En peine de décrire l'inconcevable, la plupart se sont tus.

Henri Barbusse a su trouver les mots. Il a su leur donner un sens pour exprimer ce qu'aucune imagination n'aurait pu concevoir.

Il a su écrire l'horreur des tranchées : la boue, le froid, la vermine, les odeurs nauséabondes, la peur qui glaçait le sang quand le cri du gradé commandait de monter à l'assaut.

Il a su nous parler de ces hommes fauchés par la mitraille, agonisant sans secours, des survivants qui entendaient leurs plaintes s'éteindre dans la nuit, des corps déchiquetés qui n'étaient déjà plus rien, plus que chair pourrissante, à rendre l'atmosphère irrespirable.

Il a su dire l'incompréhension de ces humbles, extirpés de leur atelier, de leur ferme, pour aller en affronter d'autres, aussi mal lotis. Il a su dire l'attente angoissée des épouses, la terreur de voir le maire du village s'arrêter devant la porte, revêtu de son costume sombre et de son écharpe tricolore.

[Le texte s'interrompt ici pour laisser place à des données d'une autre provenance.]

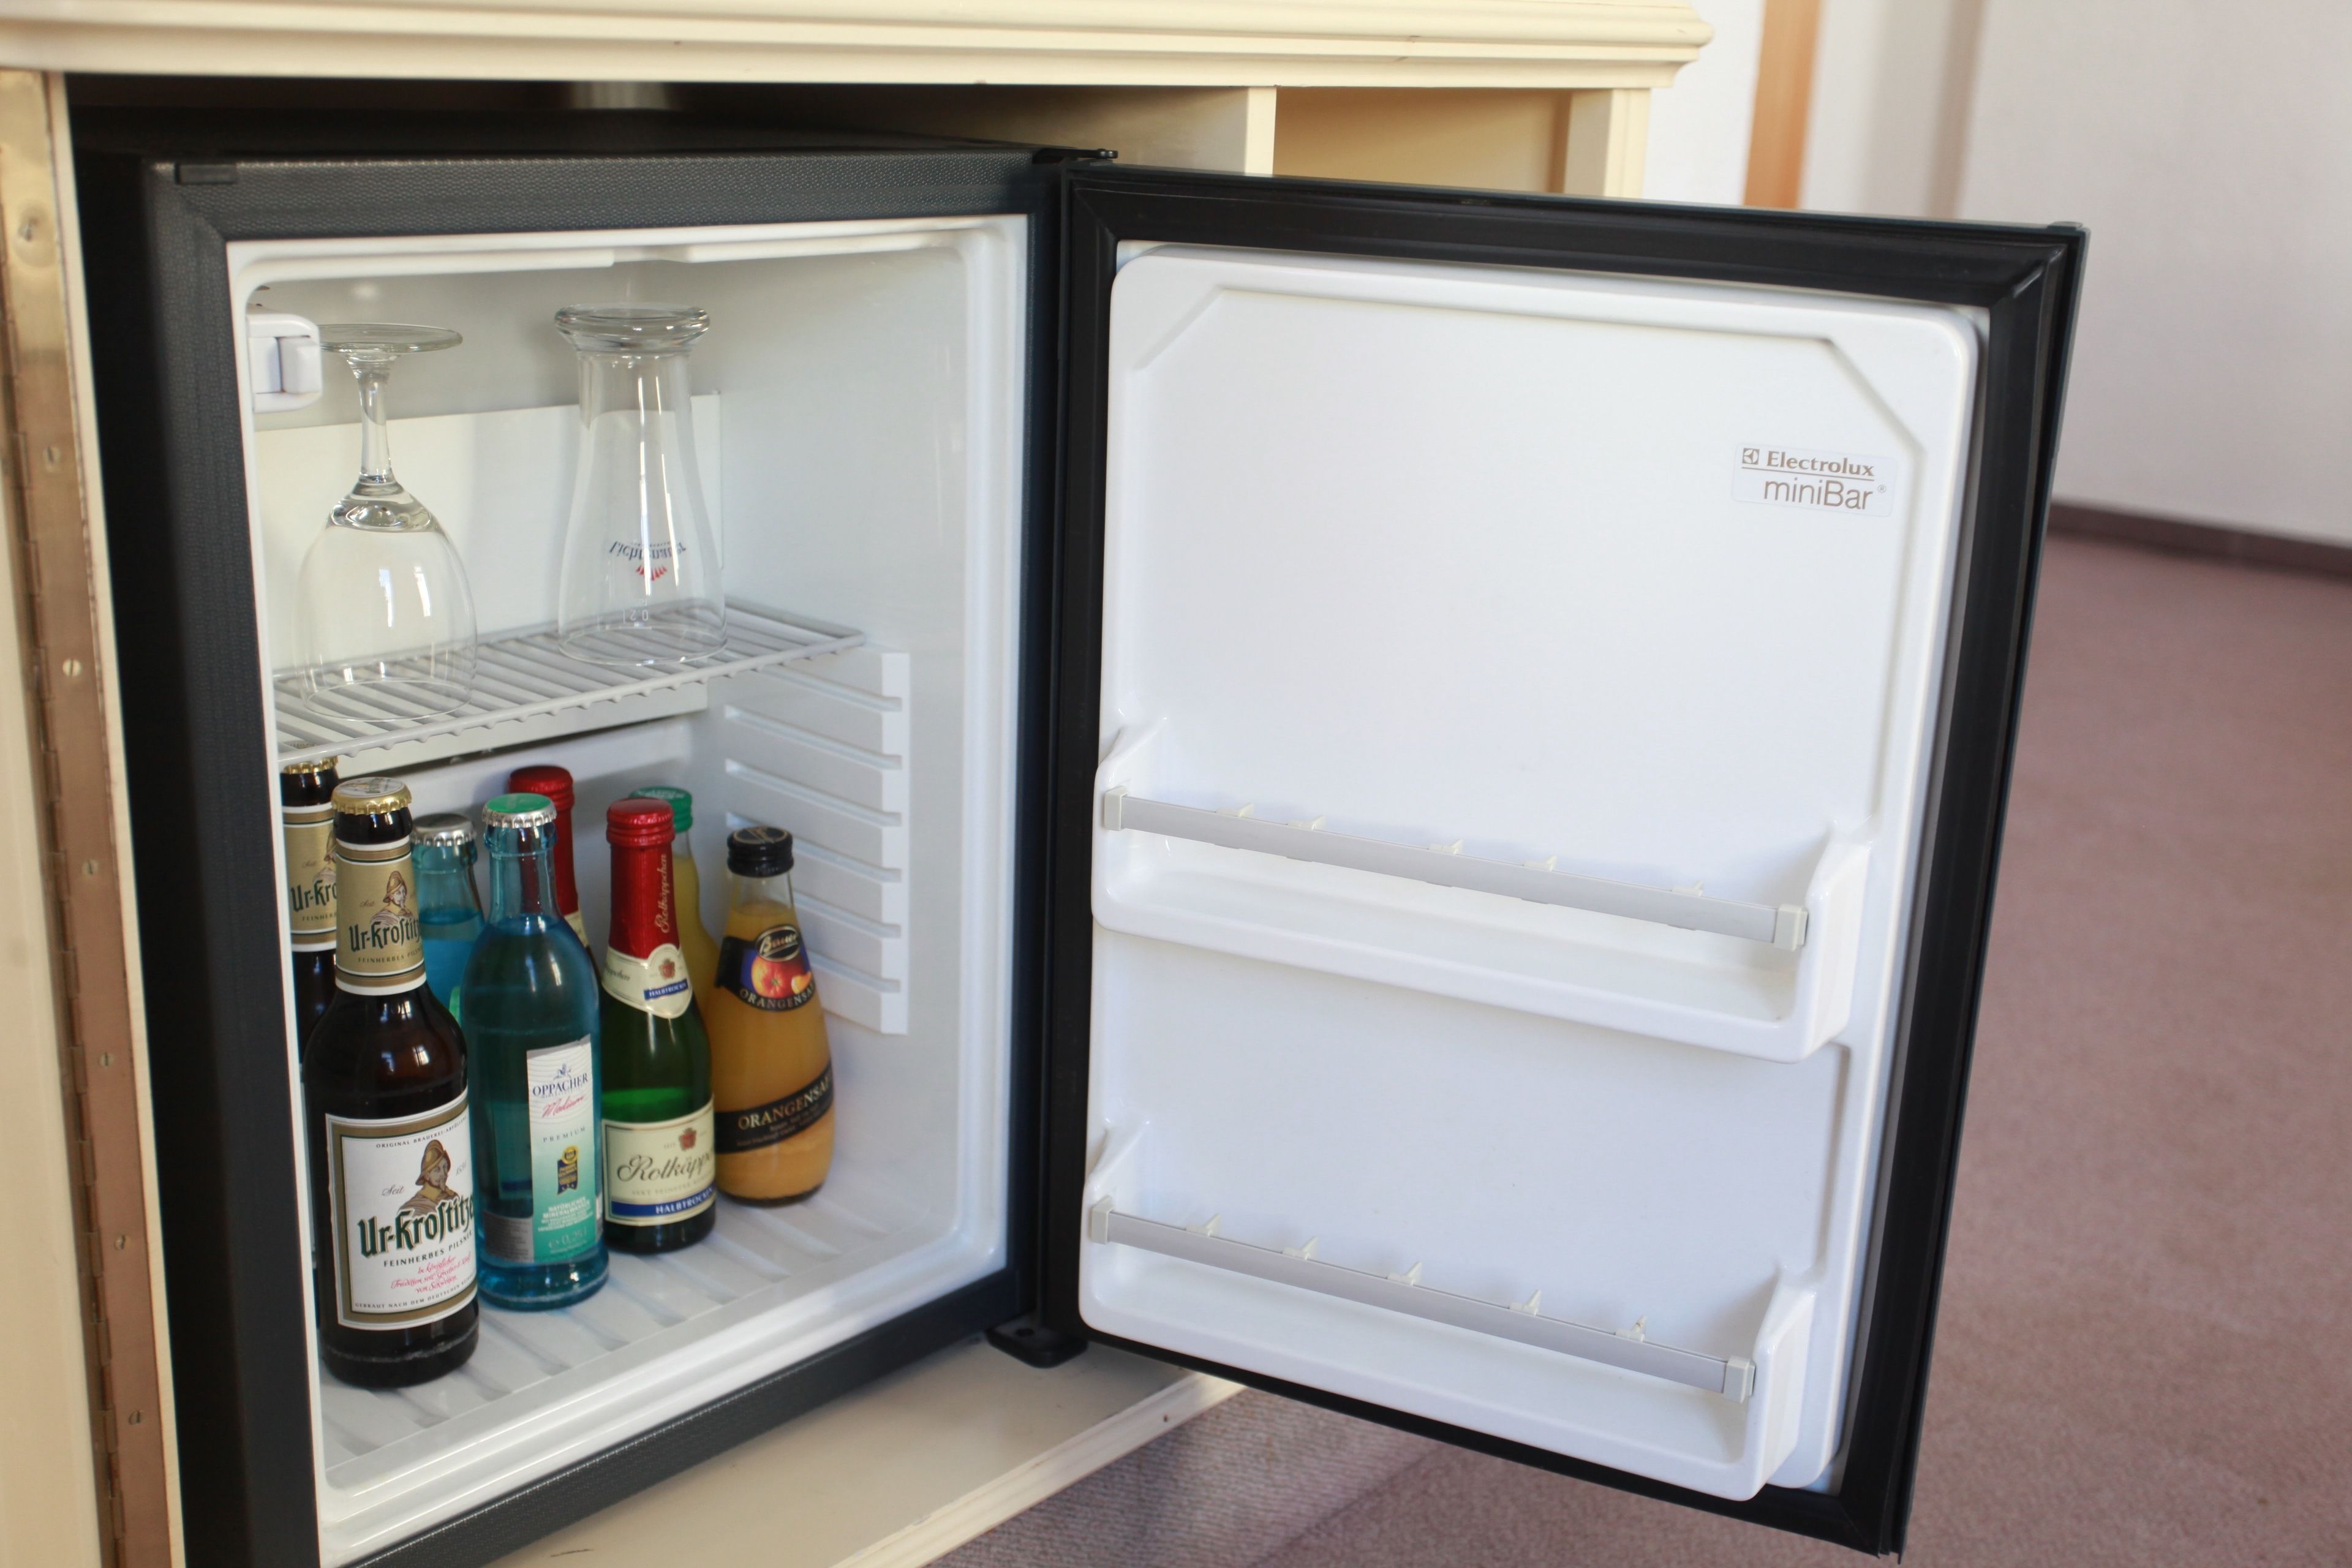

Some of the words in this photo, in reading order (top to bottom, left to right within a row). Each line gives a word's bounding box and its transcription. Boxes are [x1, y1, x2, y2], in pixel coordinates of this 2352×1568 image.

[1766, 450, 1875, 477] Electrolux
[290, 879, 337, 913] Ur-Kro
[358, 954, 405, 963] FEINHERBES
[532, 1072, 589, 1097] OPPACHER
[543, 1126, 586, 1143] PREMIUM
[384, 1250, 445, 1268] FEINHERBES
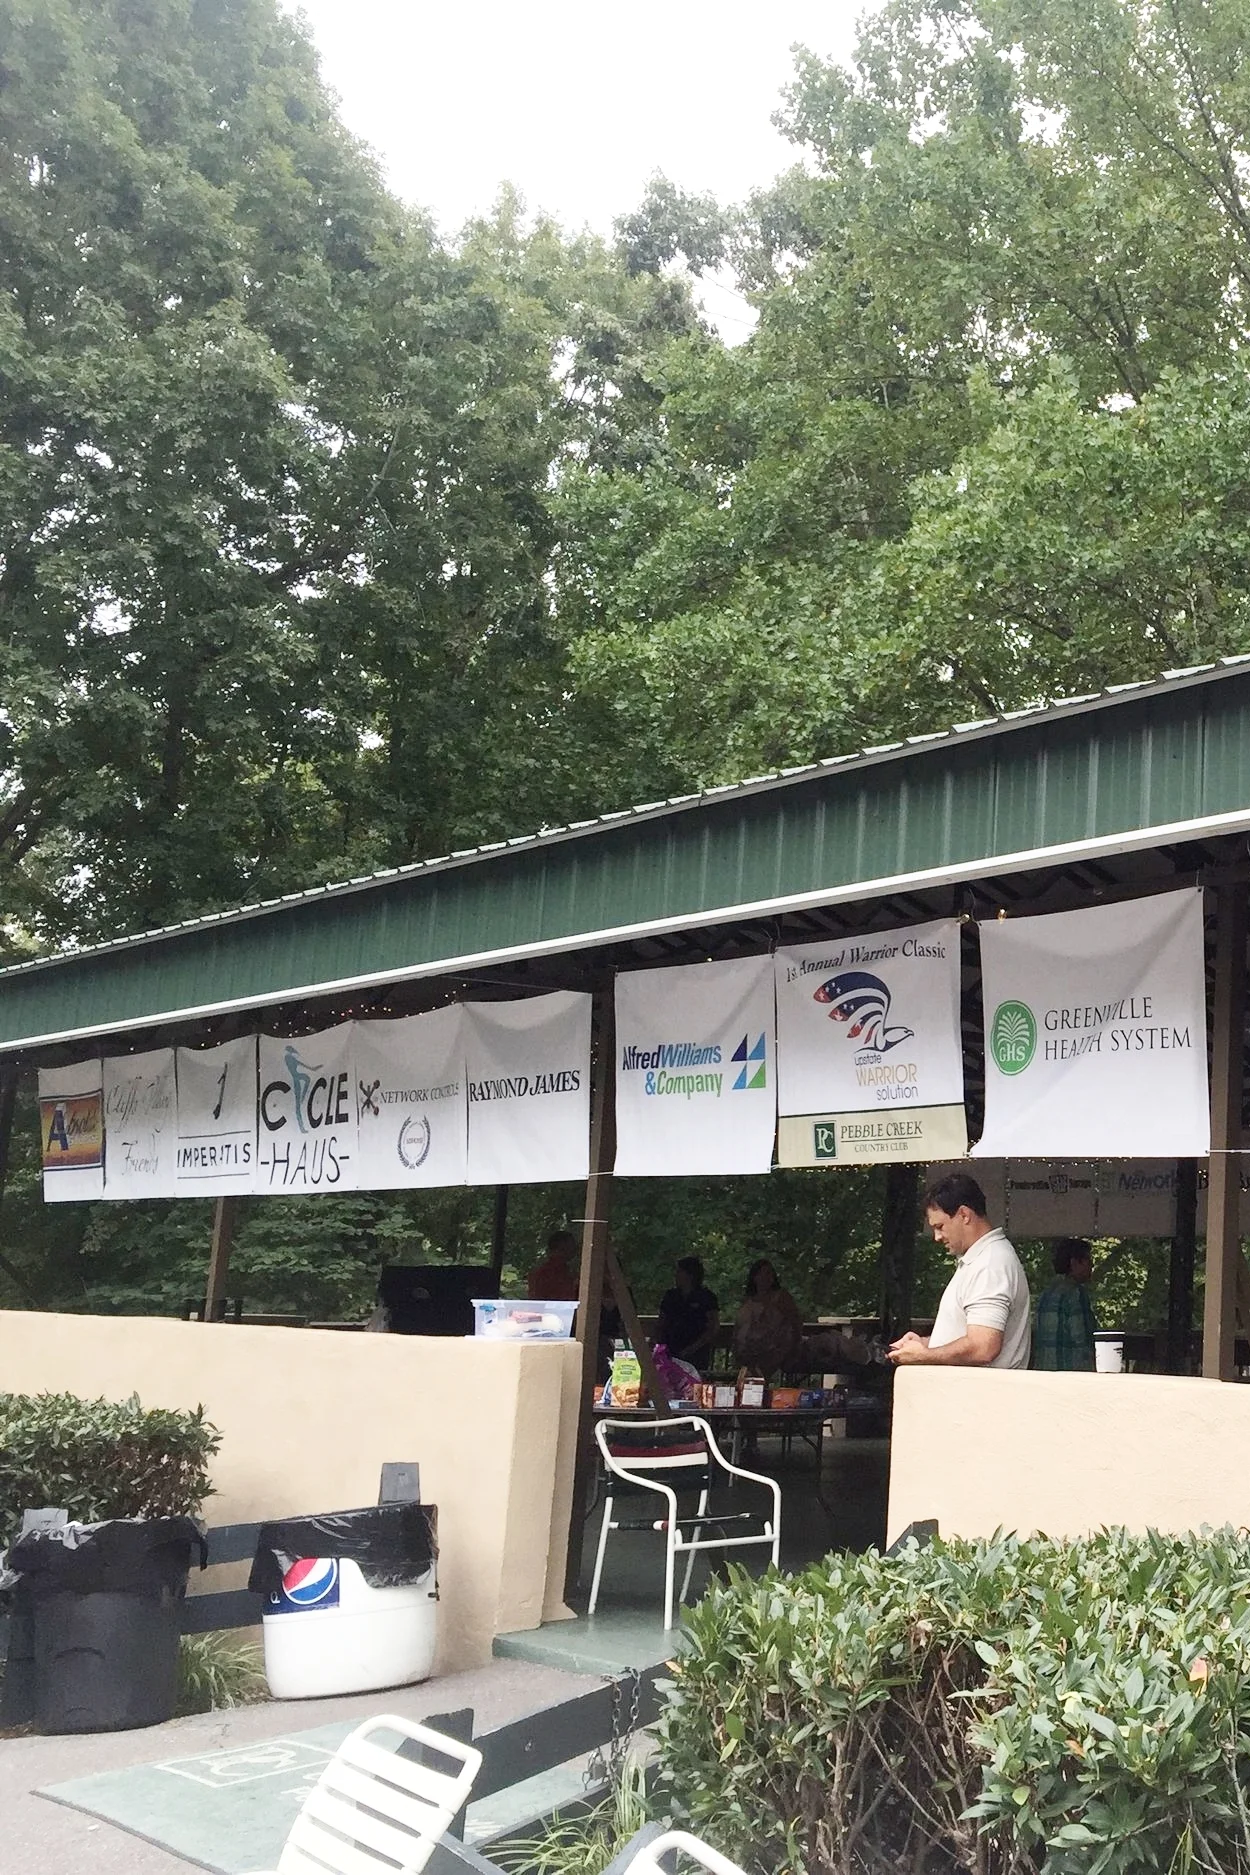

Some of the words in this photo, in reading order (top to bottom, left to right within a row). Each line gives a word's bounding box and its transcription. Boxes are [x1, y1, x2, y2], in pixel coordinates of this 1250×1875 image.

[800, 951, 845, 976] Annual
[850, 944, 898, 964] Warrior
[902, 939, 946, 959] Classic
[1044, 996, 1153, 1031] GREENVILLE
[999, 1043, 1026, 1062] GHS
[1045, 1031, 1102, 1060] HEALTH
[1111, 1026, 1192, 1051] SYSTEM
[855, 1053, 882, 1066] upstate
[856, 1063, 918, 1086] WARRIOR
[469, 1077, 526, 1102] RAYMOND
[529, 1070, 581, 1096] JAMES
[877, 1085, 919, 1101] solution
[380, 1088, 428, 1104] NETWORK
[841, 1123, 884, 1139] PEBBLE
[886, 1121, 923, 1137] CREEK
[854, 1143, 889, 1154] COUNTRY
[890, 1141, 909, 1152] CLUB
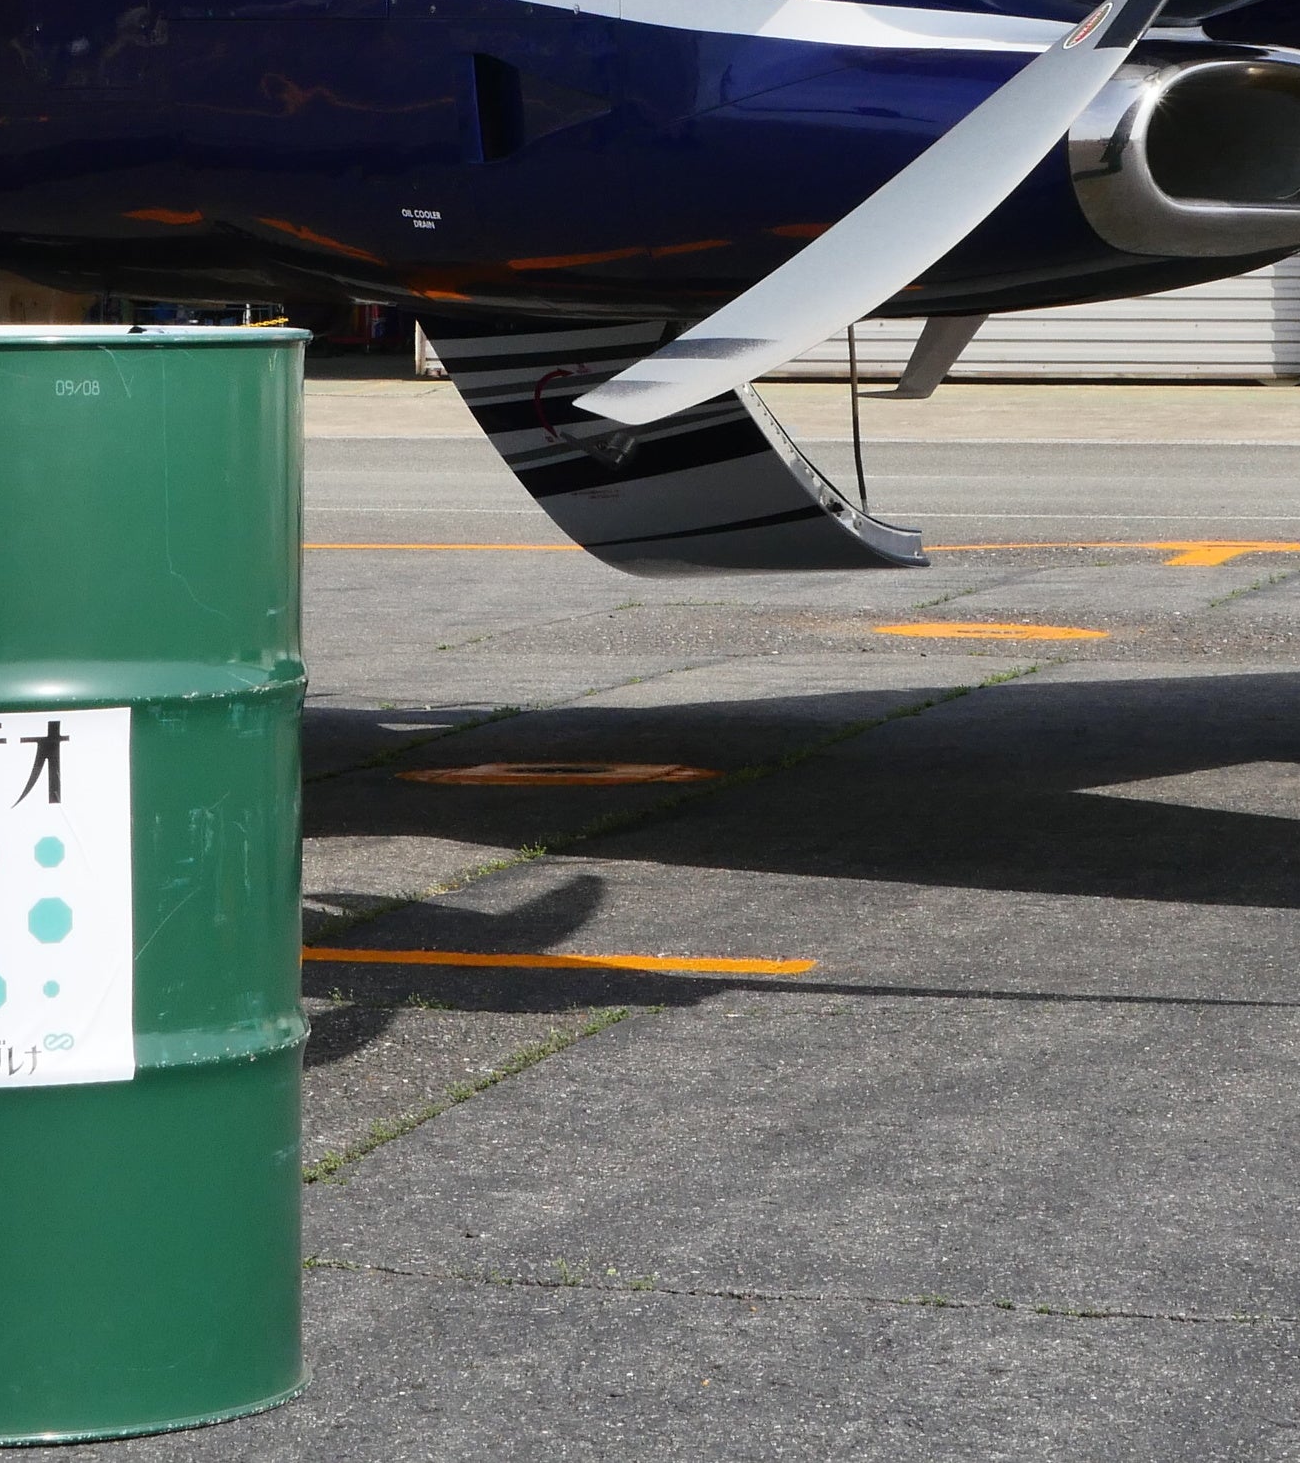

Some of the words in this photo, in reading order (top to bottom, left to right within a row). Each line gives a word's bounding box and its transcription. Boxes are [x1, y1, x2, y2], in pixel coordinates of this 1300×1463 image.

Henri Barbusse a su écrire tout cela. Avant même que cela ne cesse. Avant même que l'abattoir officiel n'arrête sa funeste entreprise, sous couvert de patriotisme. Avant même que la folie collective ne s'éteigne. Et que renaisse l'espoir. Enfin.

La première guerre mondiale est un événement qui me fascine d'horreur. Mon imagination est dépassée par la dimension inconcevable de pareil mépris de la personne humaine.

Henri Barbusse n'a pas eu besoin d'artifice pour décrire l'horreur. Les mots de tous les jours ont suffi. Car l'horreur était le quotidien des tranchées.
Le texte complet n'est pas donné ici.